La meditazione potrebbe migliorare la tua salute? La ricerca che dovresti sapere

Giugno 22, 2022

La meditazione è uno dei valori più importanti per me: presenza, benessere, gentilezza, salute e, sorprendentemente, scienza. Come studente e praticante, ho praticato la meditazione per più di un decennio. Per me, i benefici emotivi e fisici hanno trasformato la mia vita.

Ho scoperto che la meditazione è uno strumento che ha migliorato la mia qualità di vita e quella di coloro che mi circondano, e alla fine mi ha aiutato a raggiungere grandi cose personalmente e professionalmente.

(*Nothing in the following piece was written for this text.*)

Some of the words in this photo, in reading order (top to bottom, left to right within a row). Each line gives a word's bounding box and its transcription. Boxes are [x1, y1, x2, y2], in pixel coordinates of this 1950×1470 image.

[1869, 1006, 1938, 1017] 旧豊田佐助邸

Ultimamente, sono diventato sempre più interessato alla ricerca sul rapporto tra la meditazione di consapevolezza e la nostra salute fisica. Spesso, pensiamo ai benefici della meditazione solo per il nostro benessere emotivo, quando in realtà il benessere coinvolge sia il cervello che il corpo. Se questa idea risuona con te, c’è molta ricerca innovativa e di qualità da considerare. Qui ci sono tre modi meditazione potrebbe servire come strumento per migliorare alcune delle nostre sfide fisiche più difficili:

Meditazione per gestire l’infiammazione e prevenire le malattie

Sarete sorpresi di sapere che i principali istituti di ricerca stanno scoprendo un importante legame tra il cervello e il sistema immunitario. In effetti, gli scienziati del Center for Healthy Minds dell’Università del Wisconsin-Madison hanno studiato la relazione mente-corpo e l’idea che il cervello e il sistema immunitario siano una strada a doppio senso. Tutto si riduce a come il cervello influenza le risposte infiammatorie del corpo e come la nostra capacità di addestrare il cervello a intervenire in quelle risposte potrebbe prevenire la malattia cronica.

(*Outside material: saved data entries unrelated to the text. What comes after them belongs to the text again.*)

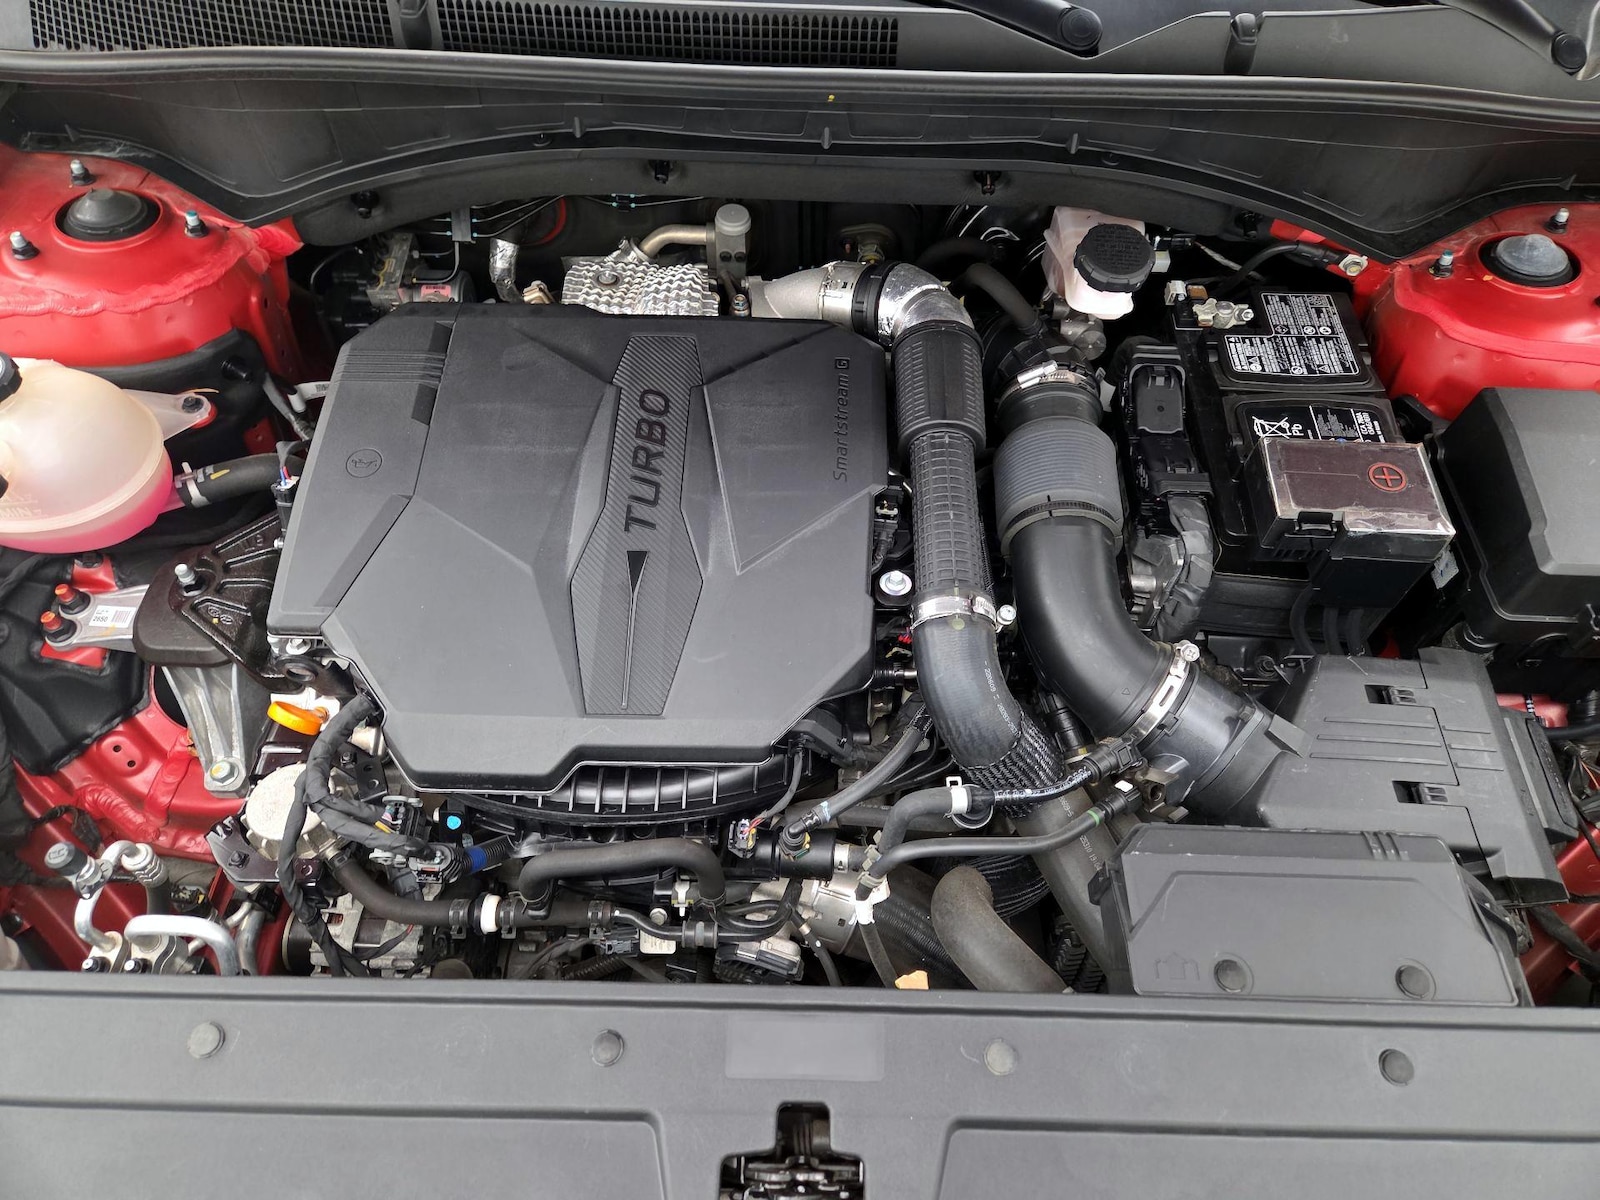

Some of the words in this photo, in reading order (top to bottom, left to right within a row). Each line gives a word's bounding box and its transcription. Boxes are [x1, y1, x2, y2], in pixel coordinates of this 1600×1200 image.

[624, 389, 670, 532] TURBO
[832, 374, 849, 482] Smartstream
[1291, 423, 1304, 436] Pb
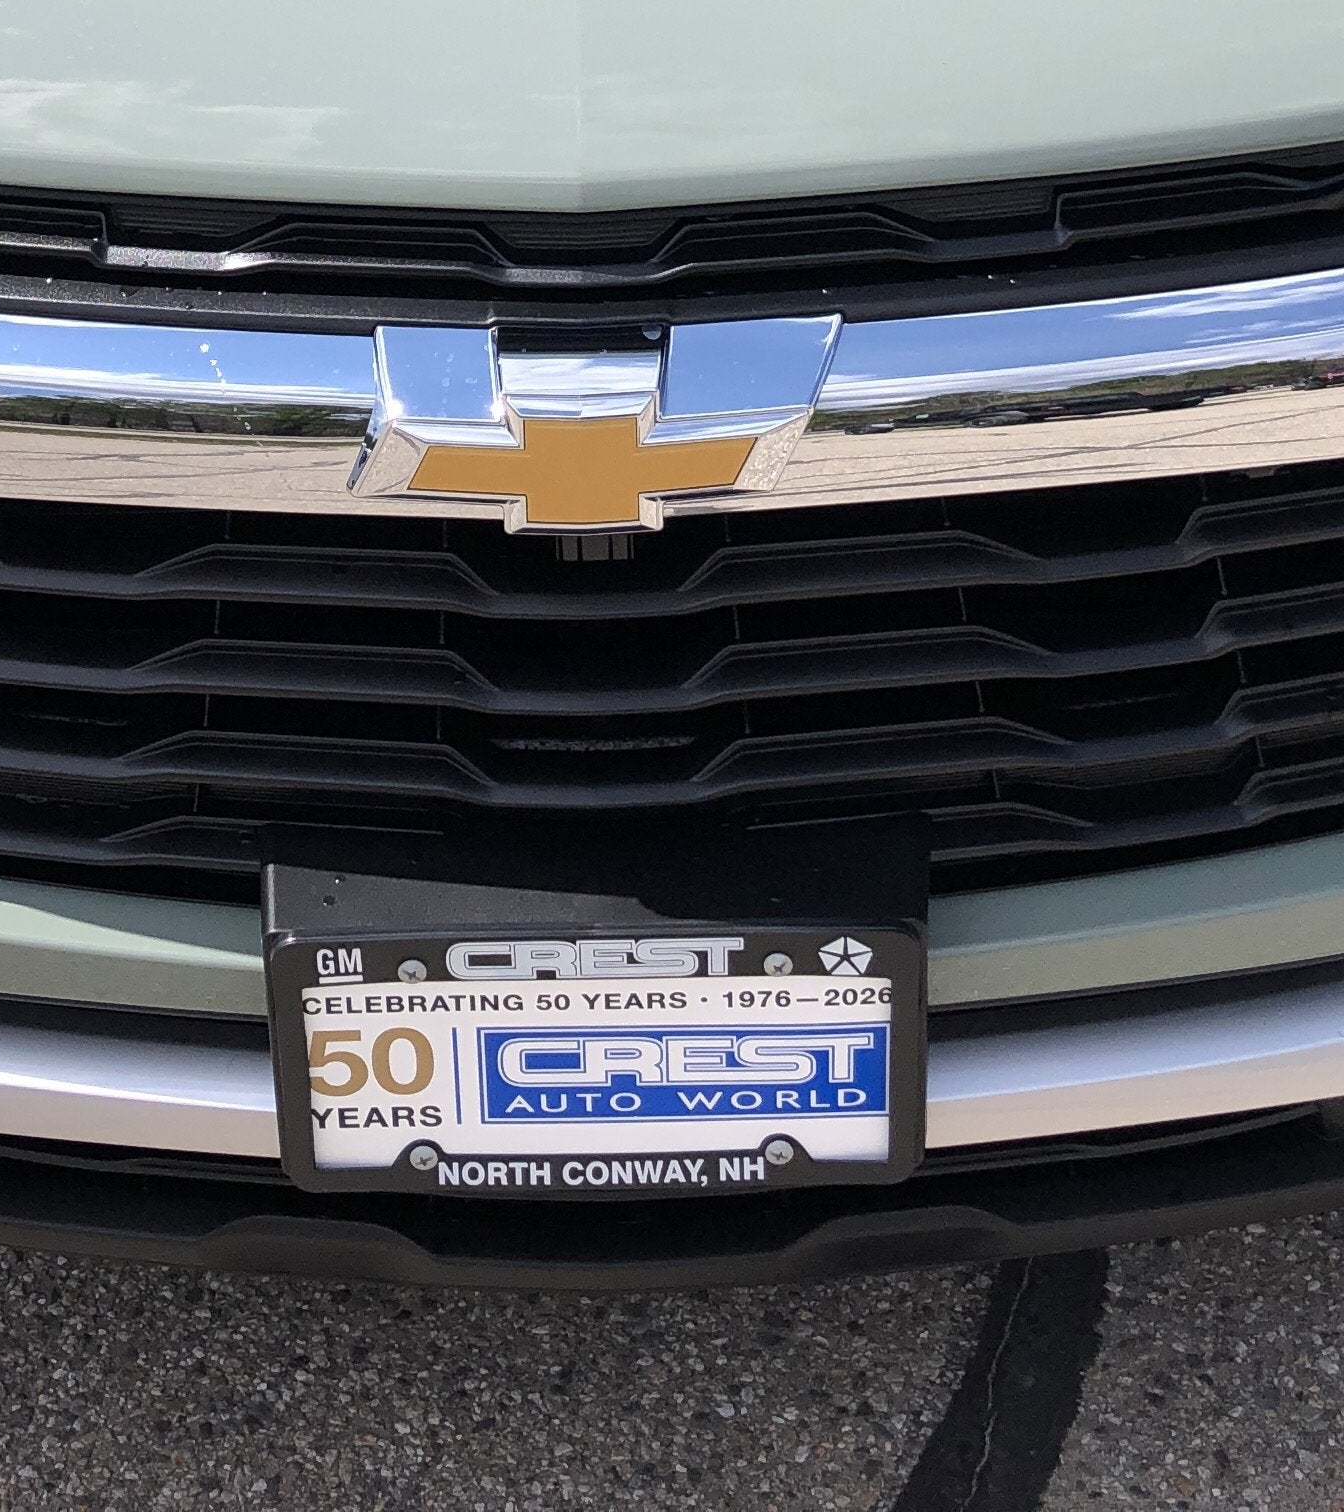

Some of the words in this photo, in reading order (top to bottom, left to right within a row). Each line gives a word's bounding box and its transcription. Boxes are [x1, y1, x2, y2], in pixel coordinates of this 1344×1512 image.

[316, 947, 364, 978] GM
[445, 937, 744, 981] CREST
[302, 993, 525, 1015] CELEBRATING
[535, 993, 571, 1011] 50
[581, 991, 688, 1011] YEARS
[309, 1026, 435, 1097] 50
[497, 1033, 874, 1088] CREST
[505, 1091, 642, 1113] AUTO
[677, 1088, 867, 1111] WORLD
[311, 1105, 443, 1129] YEARS
[437, 1161, 552, 1186] NORTH
[562, 1159, 708, 1187] CONWAY,
[719, 1156, 765, 1181] NH

La linea di fondo qui è considerare la meditazione come una misura preventiva che aiuta a controllare come il tuo cervello influenza il tuo corpo. Semplicemente prendendo il tempo di meditare ogni giorno potrebbe avere un impatto notevole sulla vostra salute fisica nel lungo periodo.

Intervenire nei disturbi alimentari e perdita di peso
L’allenamento alla meditazione è diventato un piano relativamente comune per coloro che cercano di perdere peso e controllare i loro schemi alimentari. Le persone di solito includono la meditazione come parte del loro piano di dieta per benefici cognitivi: la meditazione ha dimostrato di influenzare l’area del cervello che controlla la regolazione delle emozioni e della prospettiva, consentendo ai pensieri negativi di andare e venire senza ostacolare la dieta.

Un gran numero di studi indica la meditazione come un intervento efficace per il consumo emotivo (“binge eating“) che causa un aumento di peso. Uno studio esplorativo 2016 condotto dal Center for Mindfulness presso la UMass School of Medicine ha scoperto che le persone che hanno partecipato a un programma di riduzione dello stress basato sulla meditazione di consapevolezza (MBSR) hanno riferito che la consapevolezza ha contribuito a ridurre il loro comportamento alimentare emotivo, portando i ricercatori a concludere che questo potrebbe essere un modo per intervenire nei disturbi

Diminuire il rischio di sviluppare la malattia di Alzheimer
La malattia di Alzheimer è universalmente considerata una delle condizioni più difficili che possiamo affrontare invecchiando. Stiamo imparando di più su come le nostre decisioni quotidiane aumentano il nostro rischio di sviluppare malattie come l’Alzheimer.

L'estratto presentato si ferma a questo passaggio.